_Your instructions_:
Your reply should be the entries, output word for word, with each picture omitted.

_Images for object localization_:
※ ※ ※

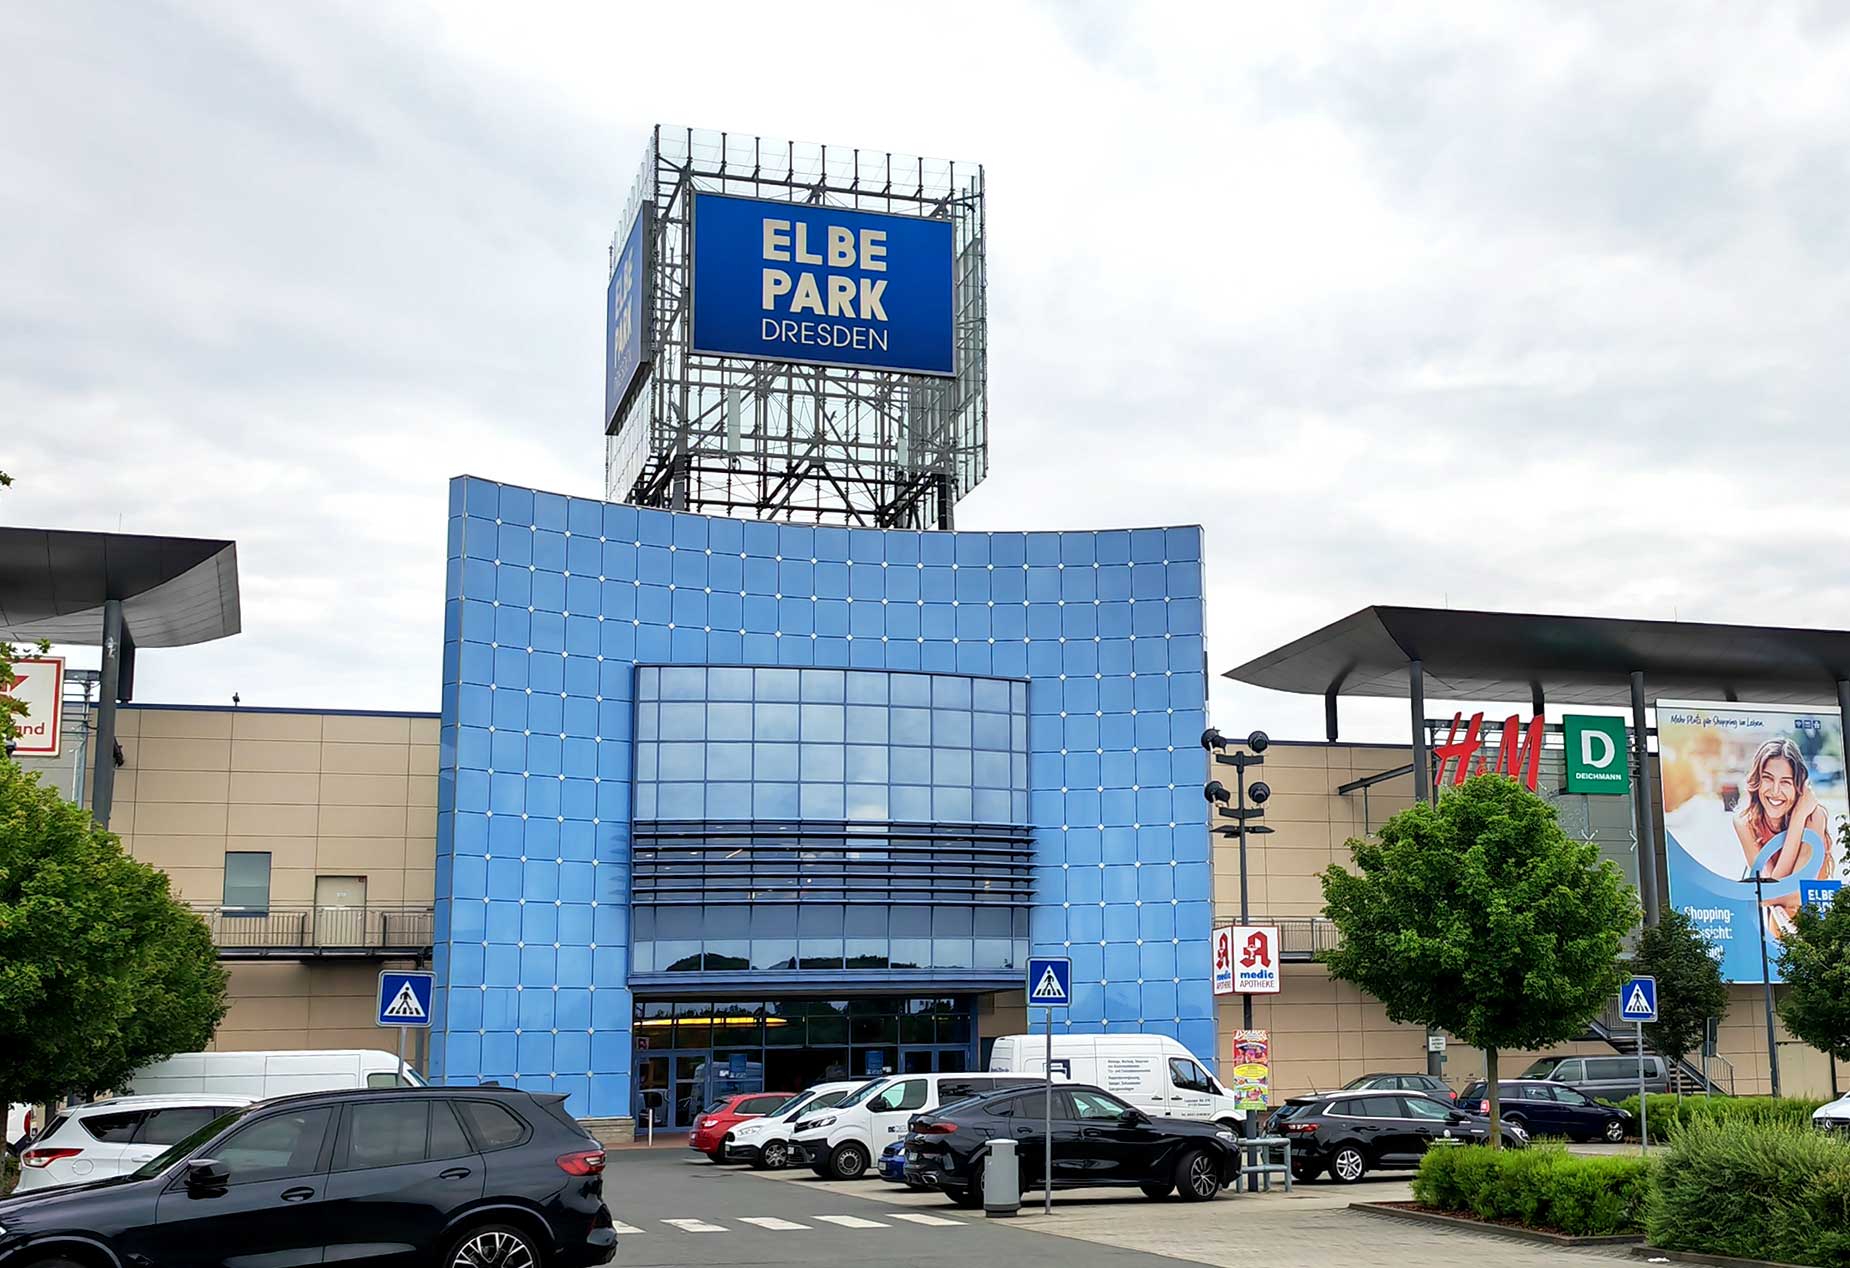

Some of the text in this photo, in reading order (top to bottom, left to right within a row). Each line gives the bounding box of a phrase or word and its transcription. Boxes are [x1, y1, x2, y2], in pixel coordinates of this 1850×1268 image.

[763, 218, 887, 272] ELBE
[762, 268, 888, 321] PARK
[762, 318, 888, 351] DRESDEN
[1432, 711, 1545, 793] H&M
[1576, 773, 1622, 782] DEICHMANN
[1808, 889, 1835, 901] ELBE
[1684, 906, 1735, 923] Shopping-
[1240, 969, 1274, 979] medic
[1239, 980, 1275, 988] APOTHEKE
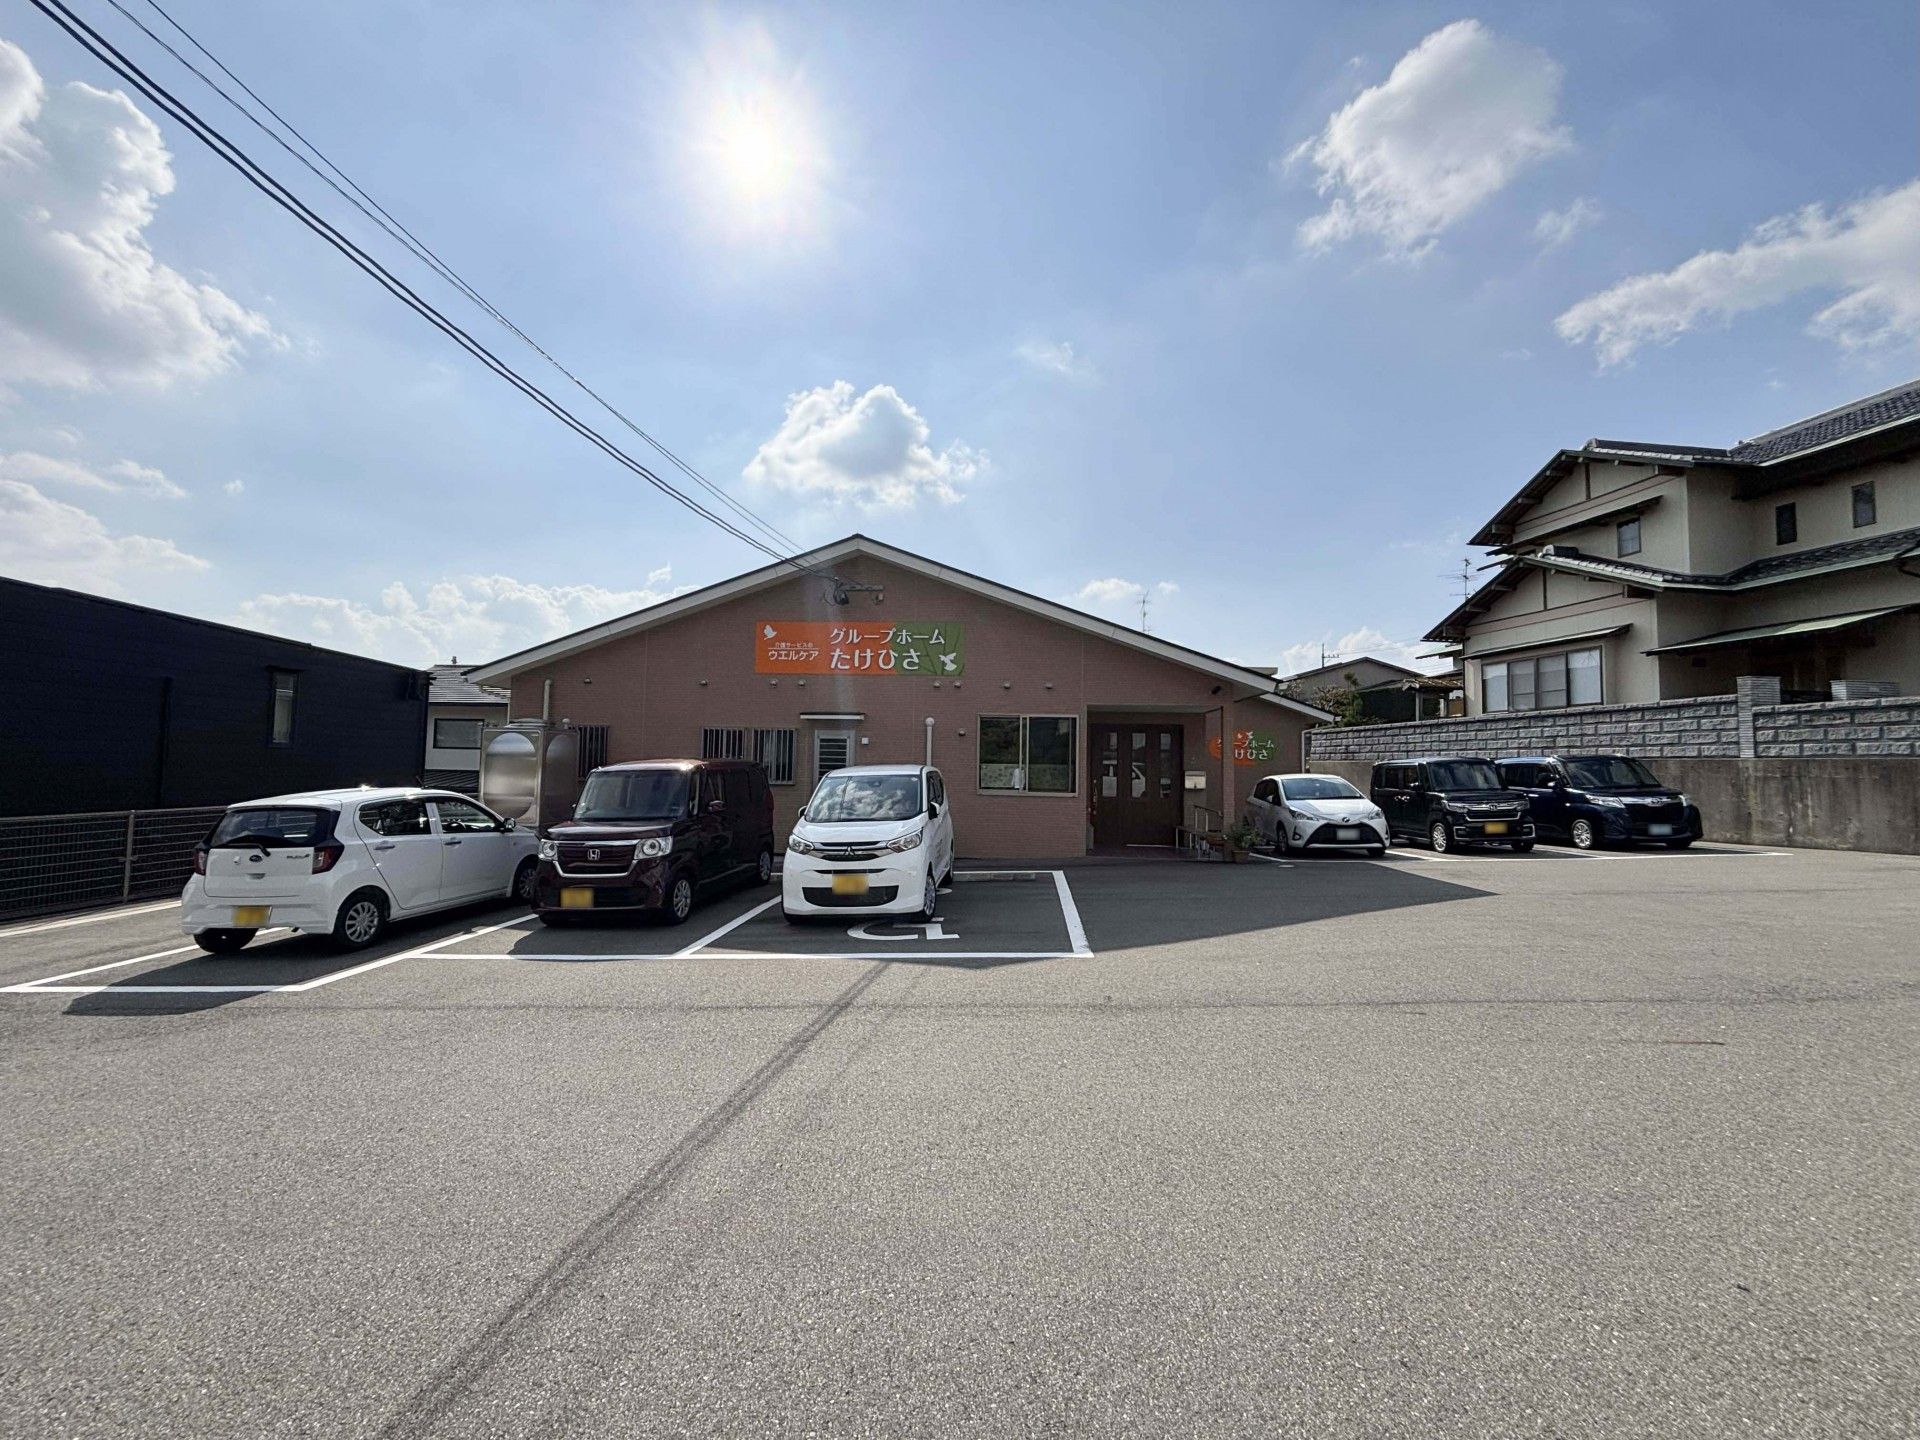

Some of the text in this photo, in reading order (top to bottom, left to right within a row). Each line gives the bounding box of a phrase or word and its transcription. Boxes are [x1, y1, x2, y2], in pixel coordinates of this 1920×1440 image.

[830, 627, 945, 645] グループホーム
[768, 650, 819, 661] ウエルケア
[830, 648, 921, 670] たけひさ

※ ※ ※

_Reply to the exercise_:
Some of the text in this photo, in reading order (top to bottom, left to right within a row). Each line gives the bounding box of a phrase or word and its transcription. Boxes are [x1, y1, x2, y2], in pixel coordinates of this 1850×1268 image.

[763, 218, 887, 272] ELBE
[762, 268, 888, 321] PARK
[762, 318, 888, 351] DRESDEN
[1432, 711, 1545, 793] H&M
[1576, 773, 1622, 782] DEICHMANN
[1808, 889, 1835, 901] ELBE
[1684, 906, 1735, 923] Shopping-
[1240, 969, 1274, 979] medic
[1239, 980, 1275, 988] APOTHEKE

Some of the text in this photo, in reading order (top to bottom, left to right within a row). Each line gives the bounding box of a phrase or word and its transcription. Boxes are [x1, y1, x2, y2], in pixel coordinates of this 1920×1440 image.

[830, 627, 945, 645] グループホーム
[768, 650, 819, 661] ウエルケア
[830, 648, 921, 670] たけひさ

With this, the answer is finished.